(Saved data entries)

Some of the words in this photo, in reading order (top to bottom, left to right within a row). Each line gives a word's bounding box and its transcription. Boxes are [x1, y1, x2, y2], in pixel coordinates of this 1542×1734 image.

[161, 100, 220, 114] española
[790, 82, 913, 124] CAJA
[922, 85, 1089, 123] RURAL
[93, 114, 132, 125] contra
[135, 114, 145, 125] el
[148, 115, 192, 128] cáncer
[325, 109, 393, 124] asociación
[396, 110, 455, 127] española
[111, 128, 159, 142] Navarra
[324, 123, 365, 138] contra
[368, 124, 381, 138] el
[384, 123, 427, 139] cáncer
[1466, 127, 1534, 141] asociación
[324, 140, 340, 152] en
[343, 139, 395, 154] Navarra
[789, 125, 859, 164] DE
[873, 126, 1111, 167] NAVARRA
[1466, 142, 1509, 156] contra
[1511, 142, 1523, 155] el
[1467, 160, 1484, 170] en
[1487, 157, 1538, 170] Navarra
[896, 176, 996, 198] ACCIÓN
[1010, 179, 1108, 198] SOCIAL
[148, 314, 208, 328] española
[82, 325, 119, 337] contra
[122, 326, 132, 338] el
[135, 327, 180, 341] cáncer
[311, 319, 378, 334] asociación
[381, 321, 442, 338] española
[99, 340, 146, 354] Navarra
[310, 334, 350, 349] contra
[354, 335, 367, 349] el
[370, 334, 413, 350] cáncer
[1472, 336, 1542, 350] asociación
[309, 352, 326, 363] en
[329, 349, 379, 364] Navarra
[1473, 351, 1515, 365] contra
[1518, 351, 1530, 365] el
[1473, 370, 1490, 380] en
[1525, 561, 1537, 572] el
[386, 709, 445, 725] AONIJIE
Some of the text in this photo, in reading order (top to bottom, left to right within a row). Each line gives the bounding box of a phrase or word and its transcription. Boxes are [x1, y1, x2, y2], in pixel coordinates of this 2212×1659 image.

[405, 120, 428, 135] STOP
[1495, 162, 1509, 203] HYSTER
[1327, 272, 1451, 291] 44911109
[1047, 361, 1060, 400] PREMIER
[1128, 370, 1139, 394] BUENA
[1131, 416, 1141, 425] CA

**Assignment**.
Line by line, retype all of the entries.

**Written solution**.
Some of the words in this photo, in reading order (top to bottom, left to right within a row). Each line gives a word's bounding box and its transcription. Boxes are [x1, y1, x2, y2], in pixel coordinates of this 1542×1734 image.

[161, 100, 220, 114] española
[790, 82, 913, 124] CAJA
[922, 85, 1089, 123] RURAL
[93, 114, 132, 125] contra
[135, 114, 145, 125] el
[148, 115, 192, 128] cáncer
[325, 109, 393, 124] asociación
[396, 110, 455, 127] española
[111, 128, 159, 142] Navarra
[324, 123, 365, 138] contra
[368, 124, 381, 138] el
[384, 123, 427, 139] cáncer
[1466, 127, 1534, 141] asociación
[324, 140, 340, 152] en
[343, 139, 395, 154] Navarra
[789, 125, 859, 164] DE
[873, 126, 1111, 167] NAVARRA
[1466, 142, 1509, 156] contra
[1511, 142, 1523, 155] el
[1467, 160, 1484, 170] en
[1487, 157, 1538, 170] Navarra
[896, 176, 996, 198] ACCIÓN
[1010, 179, 1108, 198] SOCIAL
[148, 314, 208, 328] española
[82, 325, 119, 337] contra
[122, 326, 132, 338] el
[135, 327, 180, 341] cáncer
[311, 319, 378, 334] asociación
[381, 321, 442, 338] española
[99, 340, 146, 354] Navarra
[310, 334, 350, 349] contra
[354, 335, 367, 349] el
[370, 334, 413, 350] cáncer
[1472, 336, 1542, 350] asociación
[309, 352, 326, 363] en
[329, 349, 379, 364] Navarra
[1473, 351, 1515, 365] contra
[1518, 351, 1530, 365] el
[1473, 370, 1490, 380] en
[1525, 561, 1537, 572] el
[386, 709, 445, 725] AONIJIE
Some of the text in this photo, in reading order (top to bottom, left to right within a row). Each line gives the bounding box of a phrase or word and its transcription. Boxes are [x1, y1, x2, y2], in pixel coordinates of this 2212×1659 image.

[405, 120, 428, 135] STOP
[1495, 162, 1509, 203] HYSTER
[1327, 272, 1451, 291] 44911109
[1047, 361, 1060, 400] PREMIER
[1128, 370, 1139, 394] BUENA
[1131, 416, 1141, 425] CA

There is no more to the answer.